[ Pobierz całość w formacie PDF ]
Chesterton o... partnerskim rozwodzie?

by G. K. Chesterton

Fragment eseju Marriage and the Modern Mind ze zbioru Sidelights on New London and Newer York, 1932

TÅ‚umaczenie: Jaga Rydzewska

Ktoś mnie poprosił, abym napisał artykuł o małżeństwie w świetle współczesnej myśli. Byłoby stosowniej napisać coś o małżeństwie w świetle współczesnej bezmyślności. (...) Dzisiejsze opinie na temat małżeństwa są dokładnie wręcz bezmyślne, a każdy, kto sądzi, że przesadzam, powinien ujrzeć pewien napis, widniejący pod zdjęciem omdlewająco upozowanej pani w gazecie, którą właśnie czytam.

Napis głosi, że pani ta okryła się chwałą, gdyż wynalazła Partnerski Rozwód. Artykuł wyjaśnia, że owa dama, wedle jej własnych słów, gotowa jest znów wyjść za mąż za swego byłego męża, jeśli on znów jej to zaproponuje, i że oboje żyją razem od czasu rozwodu. Jeżeli głupota śmiertelników na tym łez padole może w ogóle sięgnąć głębszego dna, doprawdy chciałbym to zobaczyć.

(...) Małżeństwo, z ludzkiego punktu widzenia, opiera się na podstawowych faktach ludzkiej natury i historii naturalnej. Wszystkie wyższe zwierzęta wymagają o wiele dłuższej opieki rodzicielskiej niż zwierzęta niżej stojące. (...) Poza opieką, człowiek potrzebuje czegoś unikalnego w naturze. Człowiek to jedyna istota wymagająca wykształcenia. Wiem, że zwierzęta uczą swoje młode rozmaitych sztuczek; kotka uczy kocięta jak łapać myszy. Jest to jednak wykształcenie skąpe i nader podstawowe; coś, co zachłanny bogacz nazywa Edukacją w Biznesie i co nie jest żadną w ogóle edukacją. (...) Wykształcenie oznacza przyswojenie sobie skomplikowanej kultury we wszystkich jej aspektach, tak by człowiek mógł zmierzyć się ze skomplikowanym światem we wszystkich jego aspektach. Niższe zwierzęta tego nie potrzebują. (...) Obowiązki młodego śledzia, stojącego właśnie u progu życia, są proste i głównie instynktowne; płyną z wewnątrz, jak nowoczesna religia. (...) Jego ojciec i matka nie mają wobec niego żadnych wspólnych zadań, żadnej odpowiedzialności, mogą więc modelować swój związek w oparciu o najśmielsze i najbardziej postępowe wzorce. Nie wątpię, że pani śledziowa mówi do pana śledzia: "Prawdziwe małżeństwo powinno być wolne od kapłańskich dogmatów, powinno być sprawą jednej "cudownej chwili". Pan śledź odpowiada zaś: "Gdy miłość umiera w sercu, małżeństwo to drwina w domu."
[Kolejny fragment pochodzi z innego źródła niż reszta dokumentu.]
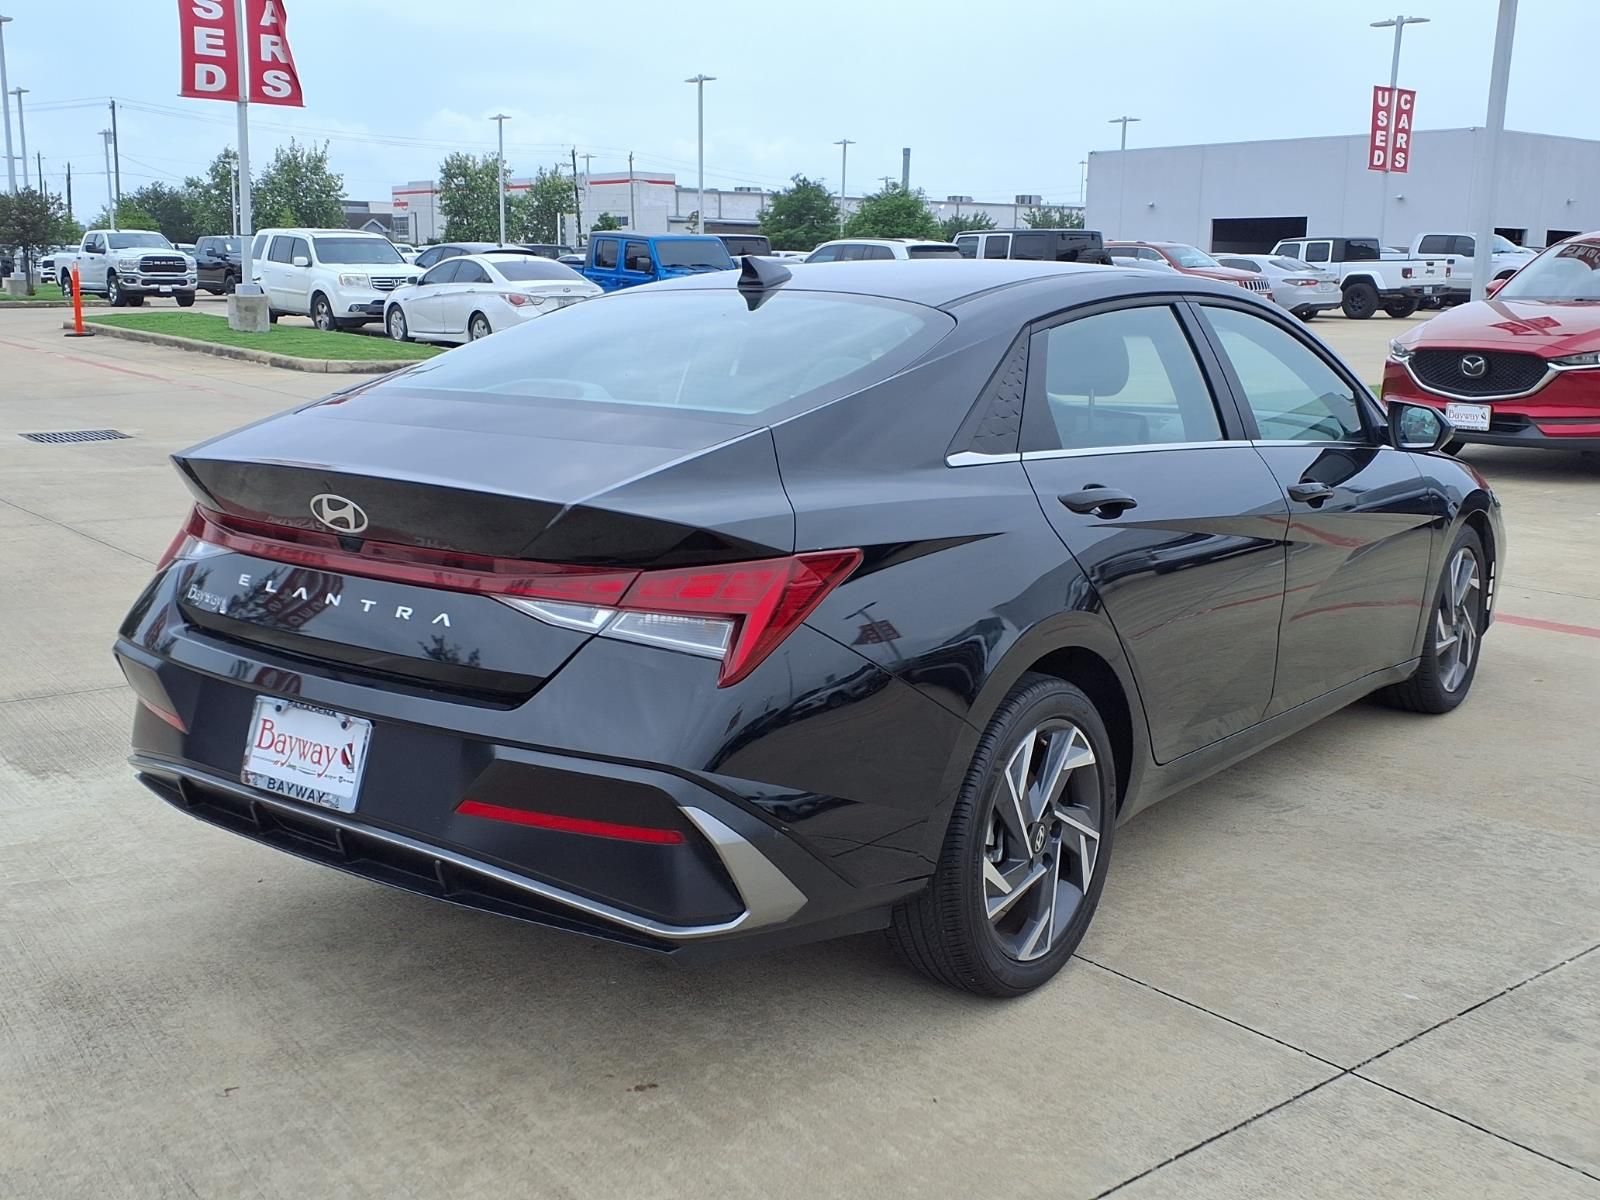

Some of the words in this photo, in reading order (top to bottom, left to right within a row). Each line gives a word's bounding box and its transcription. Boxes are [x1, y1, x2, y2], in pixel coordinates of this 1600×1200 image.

[1373, 91, 1389, 166] USED
[1394, 94, 1411, 168] CARS
[1448, 409, 1479, 421] Bayway
[238, 574, 451, 627] ELANTRA
[255, 718, 338, 778] Bayway
[267, 777, 326, 803] BAYWAY
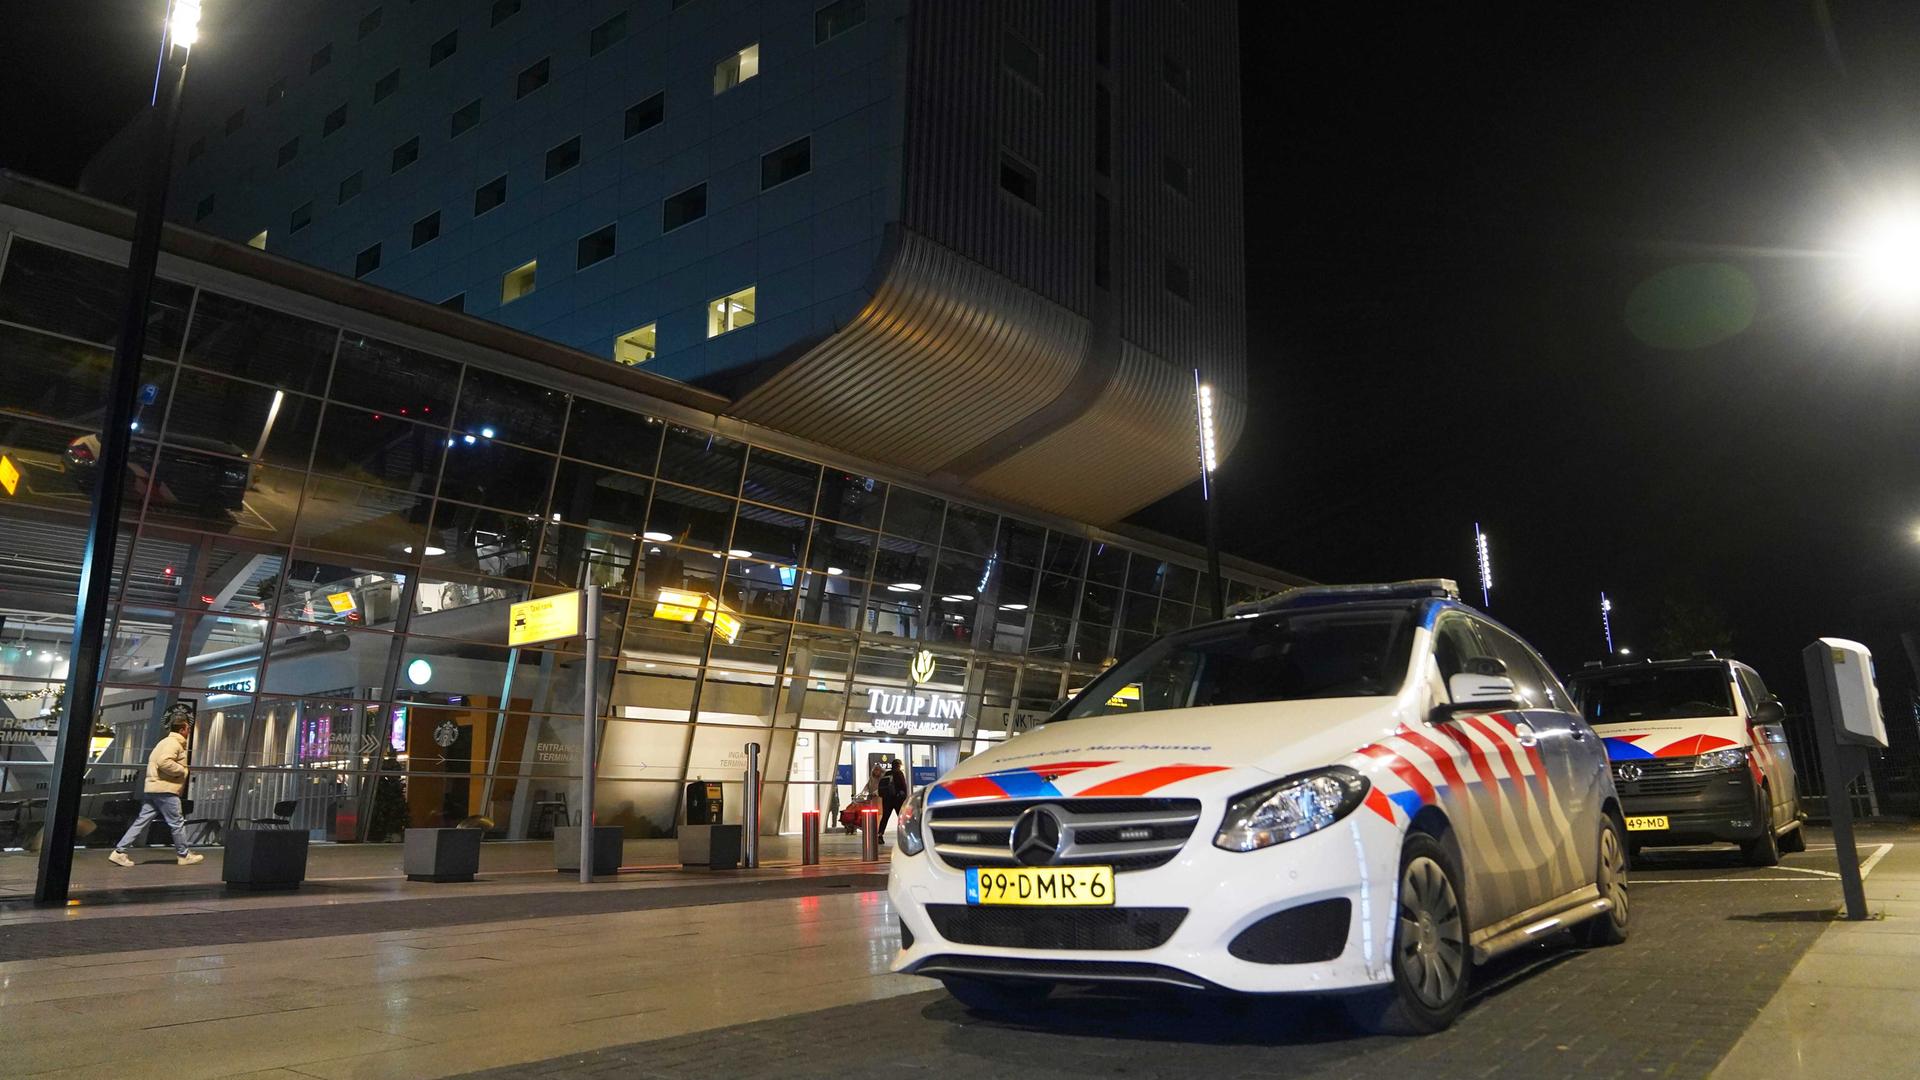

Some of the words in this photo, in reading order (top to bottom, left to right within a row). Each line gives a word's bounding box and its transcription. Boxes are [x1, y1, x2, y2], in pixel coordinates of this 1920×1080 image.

[868, 688, 925, 716] TULIP
[928, 694, 965, 719] INN
[875, 719, 918, 730] EINDHOVEN
[919, 723, 949, 731] AIRPORT
[981, 873, 1106, 899] 99-DMR-6
Ta filozofia, acz pospolita wśród niższych form życia, ewidentnie nie nadaje się dla form wyższych. (...) Idea małżeństwa jest krytykowana od niedawna w naszym zakątku świata przez niewielki odłam ludzkości, który można by nazwać znudzonymi intelektualistami, występującymi w imieniu Współczesnej Myśli. Pierwsze pytanie, które się narzuca, to jak planują oni rozwiązać praktyczny problem dzieci. Pierwsza odpowiedź, która się narzuca, to że nawet nie próbują tego zrobić.

 

Tekst przedrukowany z "Naszego Dziennika" za wiedzÄ… i zgodÄ… redakcji.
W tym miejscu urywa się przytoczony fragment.